Ucharan-ai is an open-source project focused on building a Text-to-Speech (TTS) system for the Nepali language. By converting written Nepali text into natural and intelligible speech, Ucharan-ai aims to make the Nepali language more accessible and interactive in the digital world.
- Natural-Sounding Nepali Speech: Generates high-quality speech output for Nepali text.
- Customizable Voices: Multiple voice tones and styles for different use cases.
- Text Preprocessing: Handles Nepali-specific text rules like Sandhi and Samasa.
- User-Friendly API: Easy integration into applications, websites, and devices.
- Open-Source: Built for the community to innovate and contribute.
Languages like Nepali are often underrepresented in modern AI systems. Ucharan-ai seeks to bridge this gap by providing:
- Accessibility: Empowering visually impaired users with Nepali audio content.
- Educational Tools: Enhancing e-learning platforms with text-to-speech capabilities.
- Language Preservation: Promoting the use of Nepali in the digital era.
- Localized Solutions: Enabling Nepali-specific voice assistants and applications.
We use the OpenSLR dataset as the foundation for building our TTS system. Our work is inspired by the following research:
@inproceedings{dhakal2022automatic, title={Automatic speech recognition for the Nepali language using CNN, bidirectional LSTM and ResNet}, author={Dhakal, Manish and Chhetri, Arman and Gupta, Aman Kumar and Lamichhane, Prabin and Pandey, Suraj and Shakya, Subarna}, booktitle={2022 International Conference on Inventive Computation Technologies (ICICT)}, pages={515--521}, year={2022}, organization={IEEE} }
We welcome contributions from the community! Follow these steps to get started:
- Fork the repository
- Create a feature branch:
git checkout -b feature-name
- Commit your changes:
git commit -m "Description of changes"
- Push to your branch:
git push origin feature-name
- Open a pull request
Refer to CONTRIBUTING.md for detailed guidelines.

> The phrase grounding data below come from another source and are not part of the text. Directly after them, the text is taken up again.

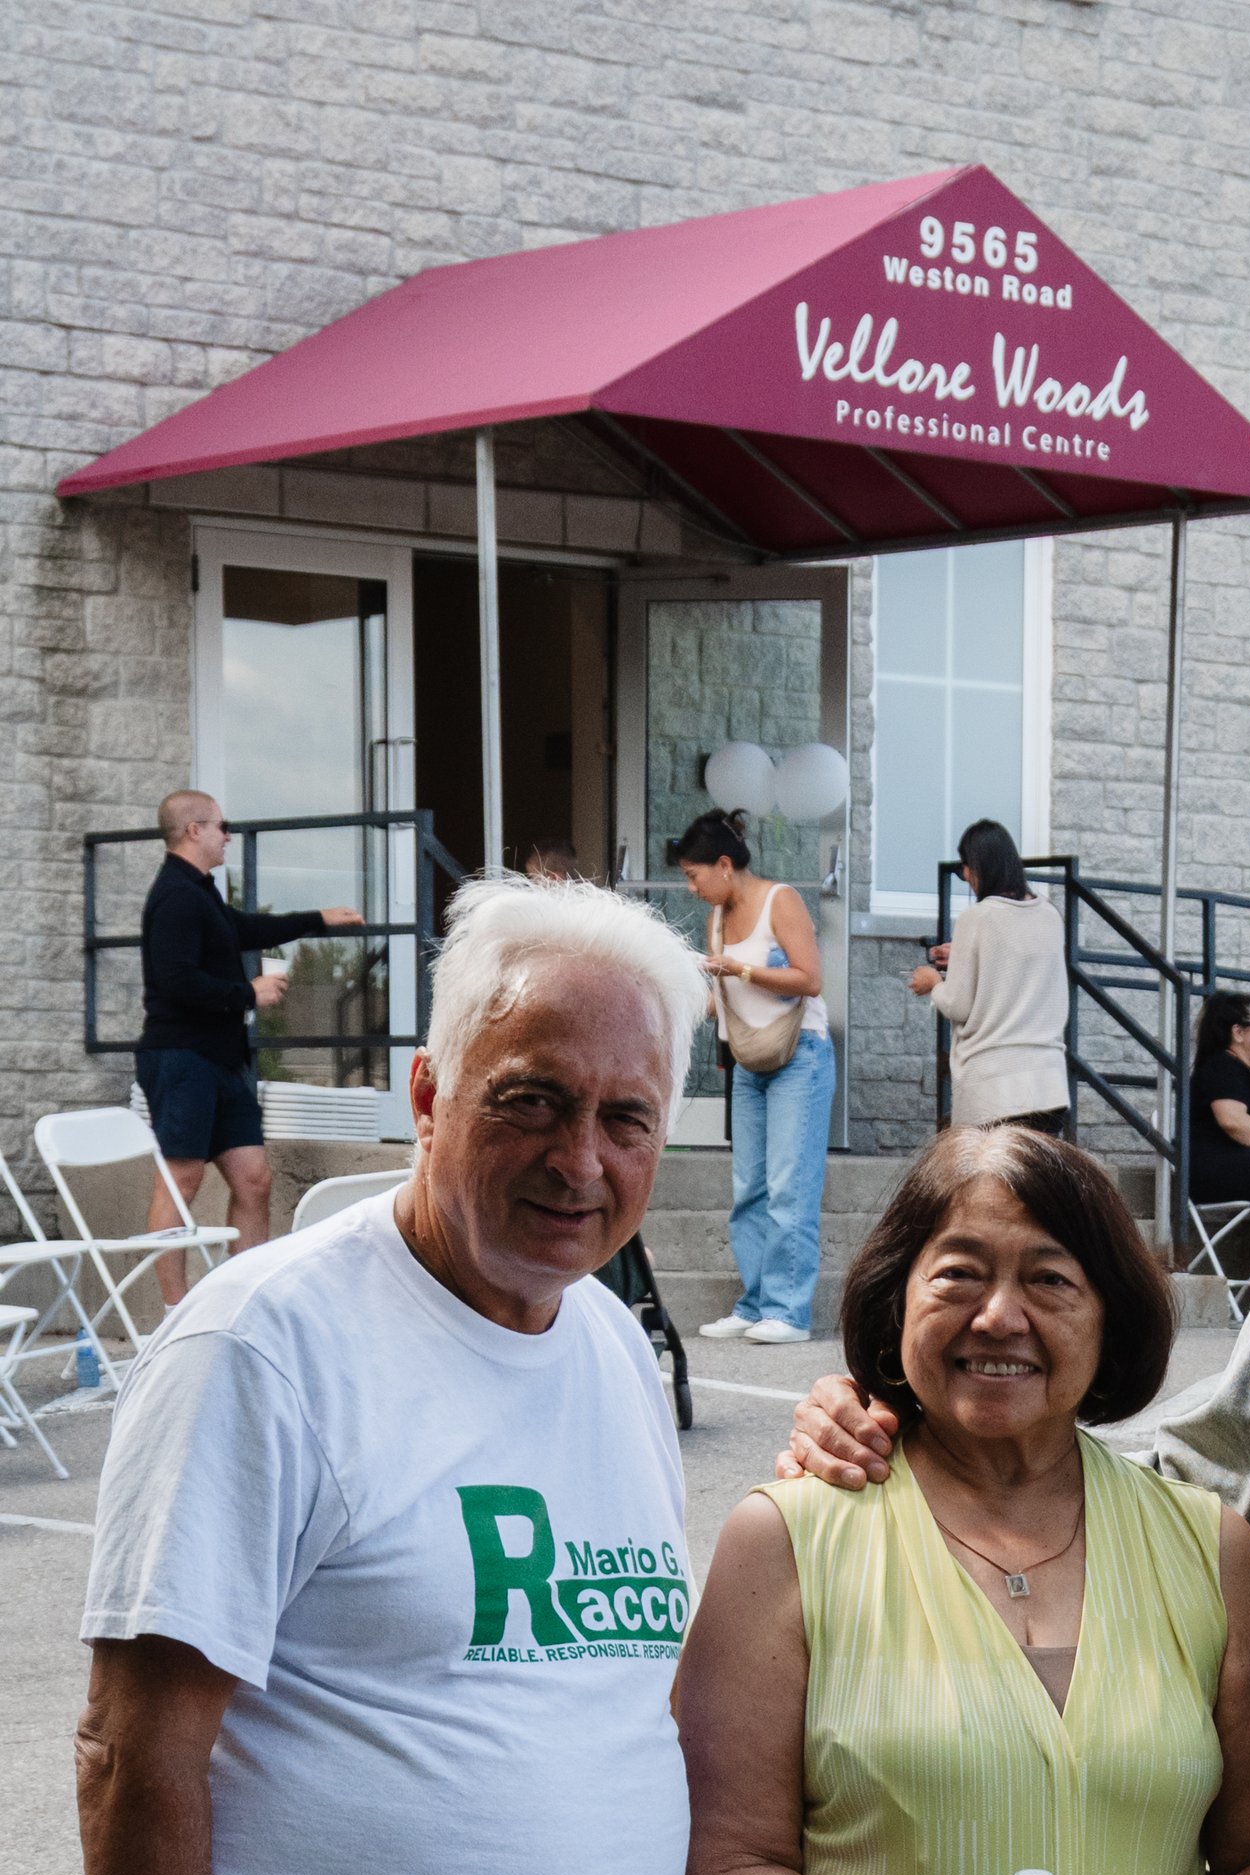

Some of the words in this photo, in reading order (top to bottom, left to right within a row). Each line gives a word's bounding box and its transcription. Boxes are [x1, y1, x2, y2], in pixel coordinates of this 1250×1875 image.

[919, 216, 1039, 273] 9565
[883, 255, 989, 297] Weston
[1002, 275, 1072, 309] Road
[795, 301, 976, 400] Vellore
[992, 331, 1149, 430] Woods
[836, 400, 1011, 446] Professional
[1022, 426, 1111, 461] Centre
[564, 1537, 657, 1577] Mario
[463, 1646, 543, 1662] RELIABLE.
[547, 1643, 642, 1661] RESPONSIBLE.
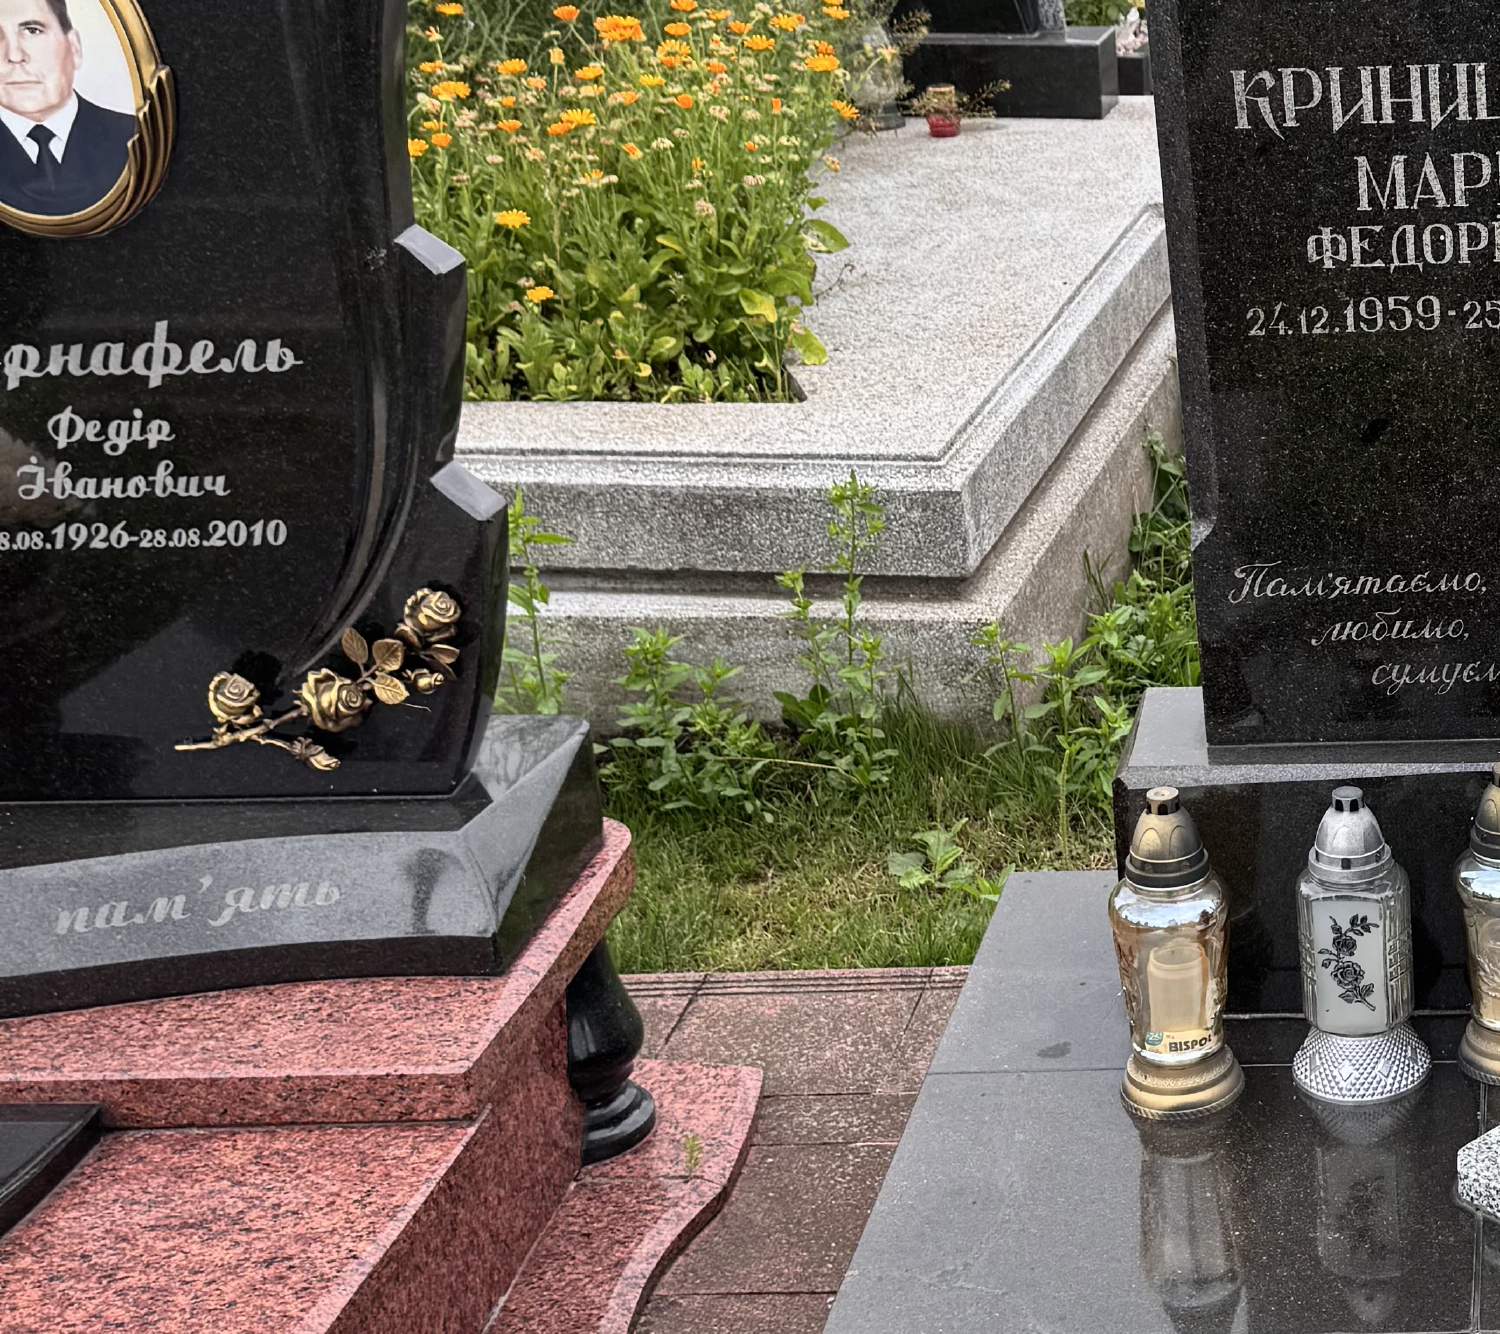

- Initial idea and planning phase.
- Research and define Nepali-specific TTS requirements.
- Develop a basic TTS model for Nepali text.
- Support for multiple voices.
- Web-based interface for real-time TTS.
- Mobile app integration.
If you have any questions or suggestions, feel free to reach out:
- Email: [email protected]
This project is licensed under the MIT License. You are free to use, modify, and distribute this software.